Recently, I noticed that my radiator fan is constantly on. Scanned but didn't get any fault related to the sensors.


----------



## Bindaham (Apr 4, 2014)

Happy to report that the fan came back to normal operation after changing the lower passenger side coolant temperature sensor


----------



## Bindaham (Apr 4, 2014)

Update:

Fan is still functioning normally, yet that small coolant leak that was there before I changed the sensor is still going on.

Here is a pic after I parked the car for about half an hour. The leak is not constant, it stops after a while.





And here is a shot from underneath which shows the location of the leak. Will check this afternoon or tomorrow wither the hose or the clamp are the problem.


----------



## Bindaham (Apr 4, 2014)

Update to the update:

A regular hose clamp did the trick. Leak stopped.


----------



## apper01 (Aug 14, 2010)

any change of exchanging this sensor without taking off the whole front?

blowers are also running constantly, first time it switched off after a while but now they just keep on running.
scanned but no errors came up, so sensor seems to give out some signal volt level but not high enough to generate an error?


----------



## Bindaham (Apr 4, 2014)

apper01 said:


> any change of exchanging this sensor without taking off the whole front?


Hi there,

The one that I changed is easily accessible from the bottom engine as the pic below shows. 



Bindaham said:


>


Regards,

Salah


----------



## apper01 (Aug 14, 2010)

so from the bottom, did you take off all the coolant hoses?


----------



## Bindaham (Apr 4, 2014)

Just the lower passenger side one


----------



## apper01 (Aug 14, 2010)

Changed the sensor, was indeed not a big job.

Unfortunately the blowers still run on full speed.....

Checked the cables connected to the sensor, seemed ok.
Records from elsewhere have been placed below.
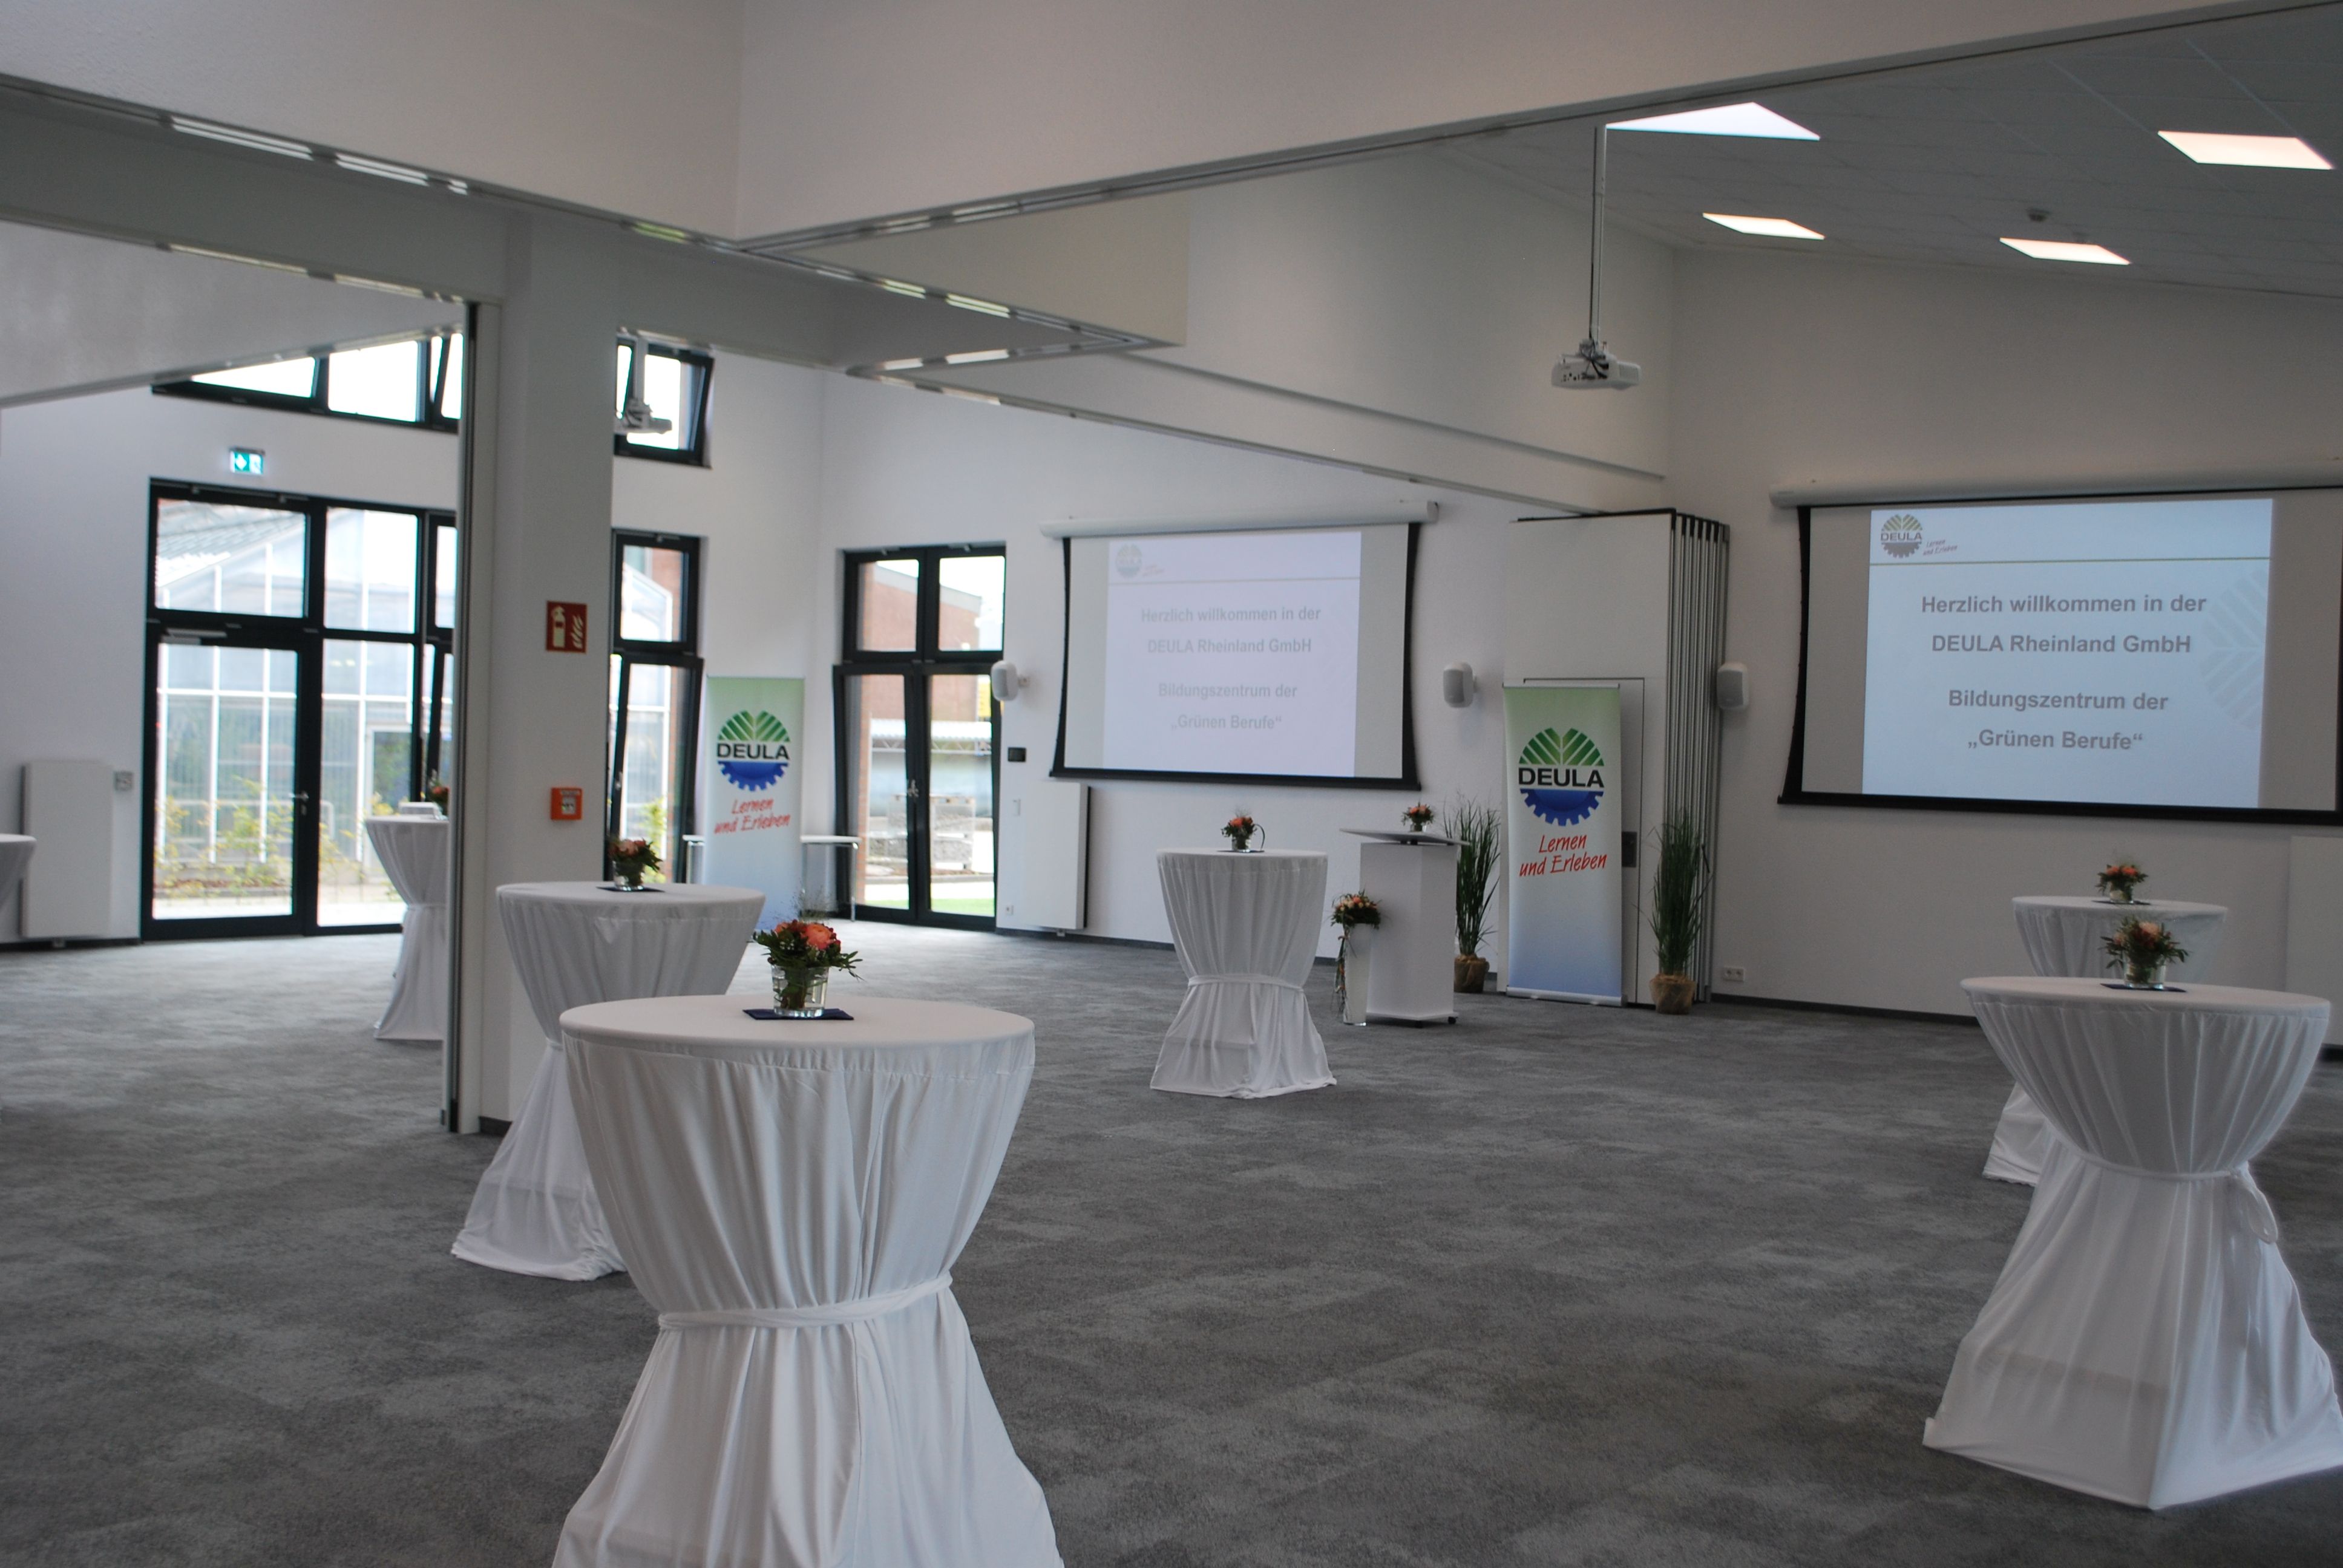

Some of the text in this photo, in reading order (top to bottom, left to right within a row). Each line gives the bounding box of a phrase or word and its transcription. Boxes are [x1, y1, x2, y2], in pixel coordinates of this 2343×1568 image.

[1881, 532, 1922, 541] DEULA
[1921, 595, 2206, 613] Herzlich willkommen in der
[1142, 606, 1320, 622] Herzlich willkommen in der
[1148, 639, 1312, 653] DEULA Rheinland GmbH
[1932, 635, 2191, 653] DEULA Rheinland GmbH
[1158, 682, 1297, 700] Bildungszentrum der
[1948, 690, 2168, 711] Bildungszentrum der
[1967, 730, 2142, 750] „Grünen Berufe“
[717, 743, 790, 760] DEULA
[1518, 767, 1605, 788] DEULA
[732, 799, 774, 814] Lernen
[714, 814, 790, 834] und Erleben
[1539, 834, 1587, 853] Lernen
[1519, 852, 1608, 877] und Erleben
And no errors from scanning.

Anyone having a clue were to look next?

PS. is there something like a radiator fan control module on the phaeton or are the blowers themselves equipped with it?


----------



## apper01 (Aug 14, 2010)

Checked the service manual and there seems to be two temp sensors: G83 (which is on the radiator exit) and G62.

Now i need to find out where G62 is sitting....

found it: http://forums.vwvortex.com/showthre...ngine)-and-improve-fuel-economy-(gas-mileage)

well lucky me: on the V10 TDI AJS G83 is located upfront where the waterpump is, so now need to get another new one and see what happens


----------



## Dangerrous (Sep 14, 2014)

Have you checked the temperature readings via vcds, When I removed the engine, the sensor on the bumper wasn't connected and the fans were running constantly, even when I connected it back up the fans still carried on running, I had to reset the error in vcds, then I got my temperature reading back. The computer takes an average reading from the two sensors for the climate control and engine control.
D


----------



## apper01 (Aug 14, 2010)

did not check the water temp with vcds as there were no errors, but will do so tomorrow when i put in the old cleaned up sensor again and will clear the dtc's

took out the temp sensor cleaned it up and checked it's resistance: runs from 0.38kOhms when around 100C to 9.2kOhms when very cold -15C so seems to work

will do the same when i get a new one on friday


----------



## Dangerrous (Sep 14, 2014)

Sorry, I mean the ambient temperature sensors. The fans also run to keep the ac condenser cool. It may be nothing to do with the engine temperature sensor. Check the temperature readings of the two sensors in the auto HVAC module 8. They are the ones located in a) the front bumper and b) under the scuttle panel next to the engine ecu by the wiper motor.
D


----------



## apper01 (Aug 14, 2010)

Was looking at the the temp reading for G62 and G83, the readings do not seem to be direclty identified as coming from one of the two.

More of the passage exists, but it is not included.